## Work instructions
Reproduce each record exactly, but exclude every picture.

Top of Given data

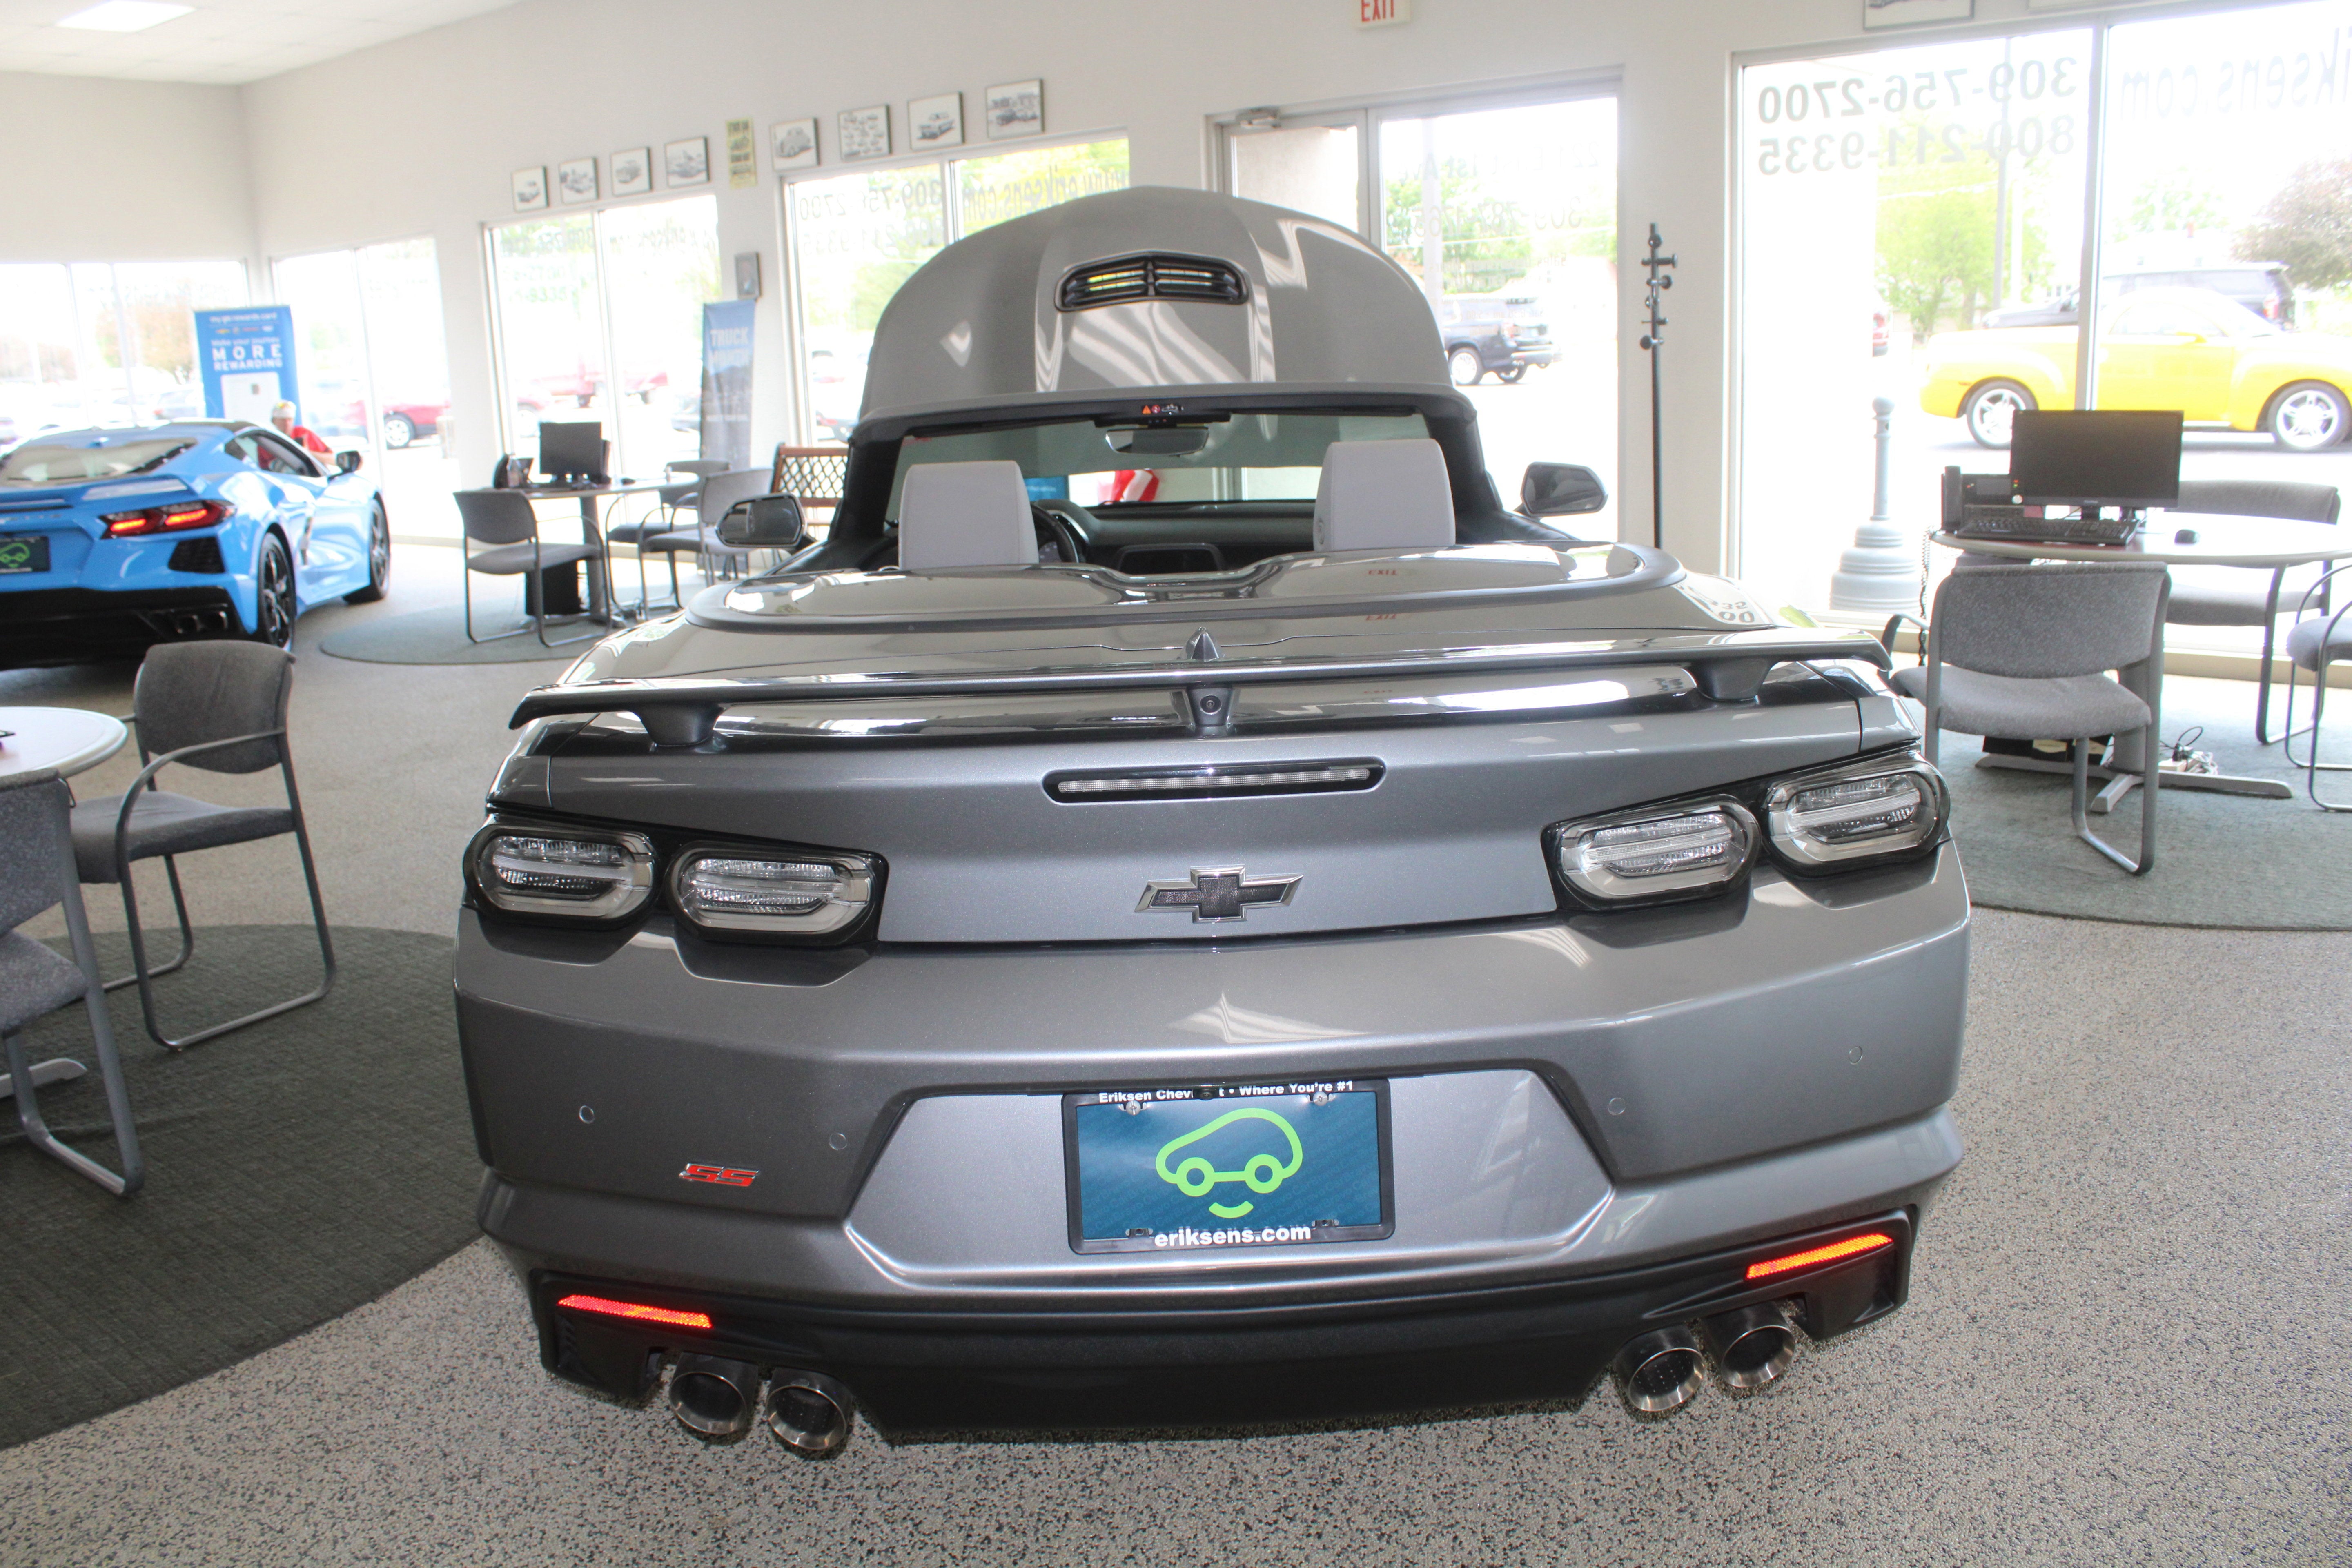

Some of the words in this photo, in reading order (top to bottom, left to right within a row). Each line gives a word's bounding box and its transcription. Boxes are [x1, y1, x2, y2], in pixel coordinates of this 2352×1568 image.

[710, 327, 749, 346] TRUCK
[212, 343, 282, 362] MORE
[214, 358, 283, 372] REWARDING
[1098, 1091, 1152, 1103] Eriksen
[1239, 1085, 1285, 1096] Where
[1289, 1082, 1334, 1094] You're
[1337, 1080, 1353, 1091] #1
[679, 1163, 760, 1187] SS
[1154, 1226, 1312, 1247] eriksens.com
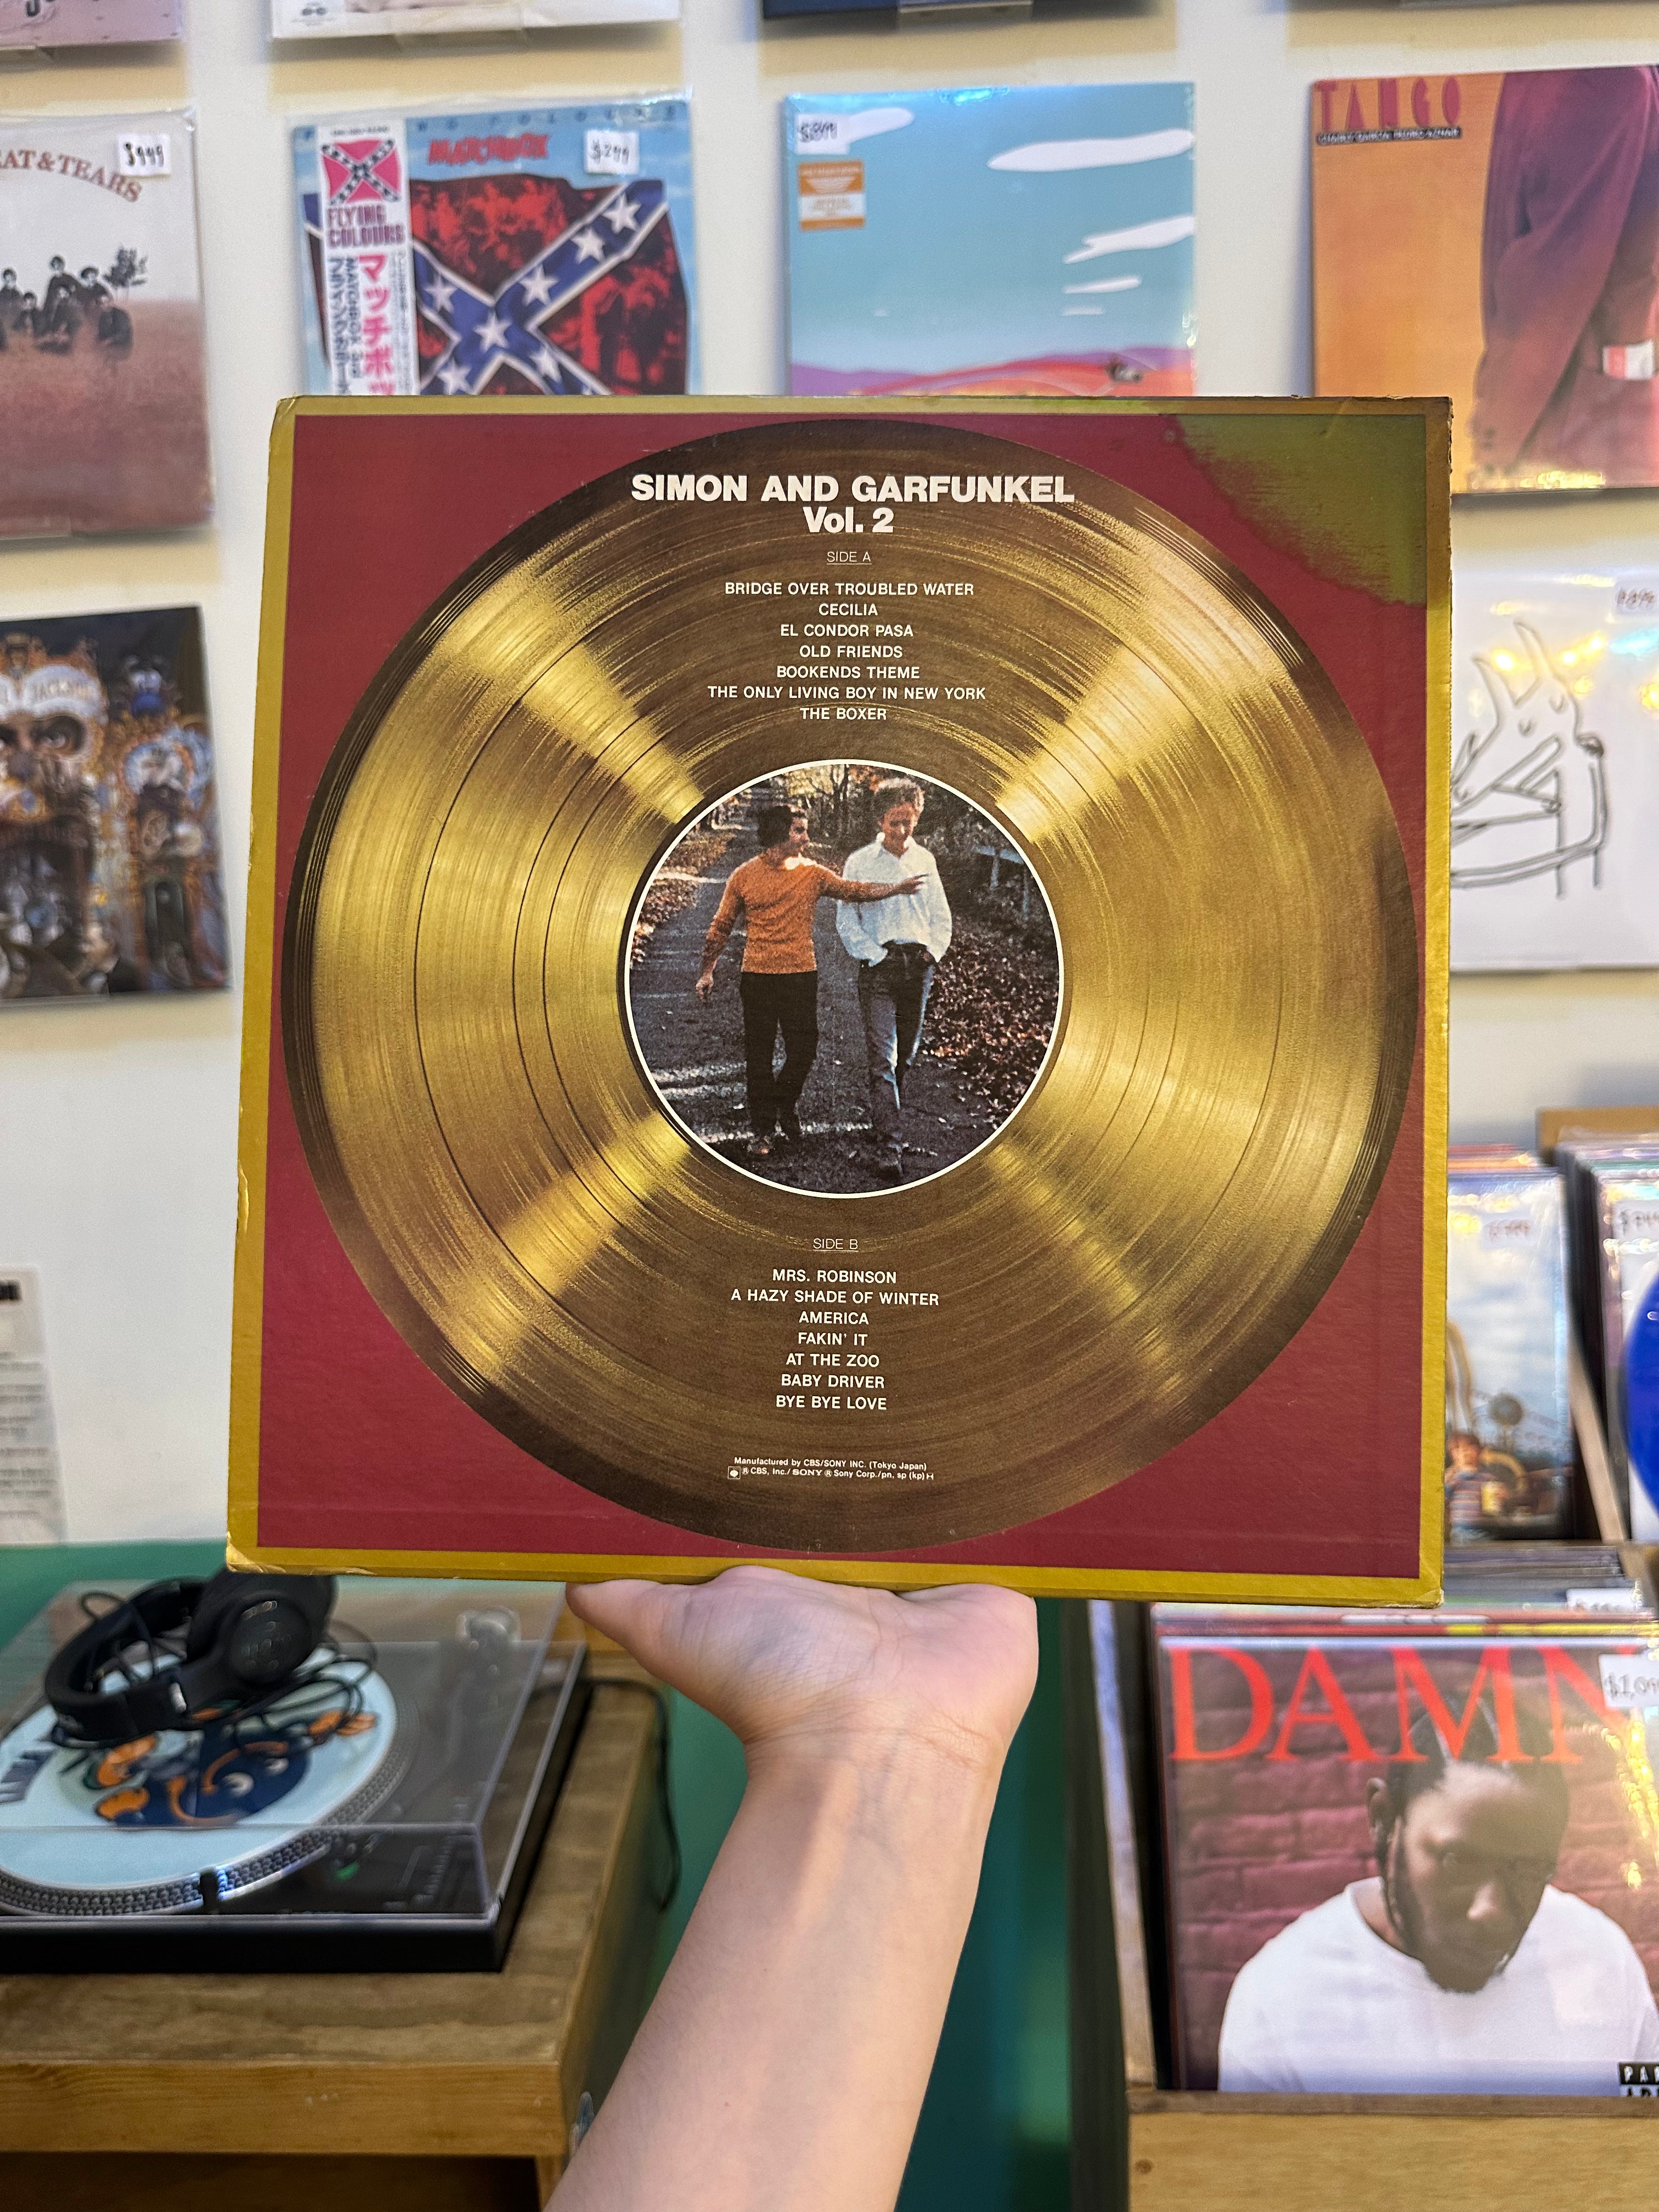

Bottom of Given data

## Response below
Some of the words in this photo, in reading order (top to bottom, left to right within a row). Each line gives a word's bounding box and its transcription. Boxes are [x1, y1, x2, y2], in pixel coordinates of this 2352×1568 image.

[710, 327, 749, 346] TRUCK
[212, 343, 282, 362] MORE
[214, 358, 283, 372] REWARDING
[1098, 1091, 1152, 1103] Eriksen
[1239, 1085, 1285, 1096] Where
[1289, 1082, 1334, 1094] You're
[1337, 1080, 1353, 1091] #1
[679, 1163, 760, 1187] SS
[1154, 1226, 1312, 1247] eriksens.com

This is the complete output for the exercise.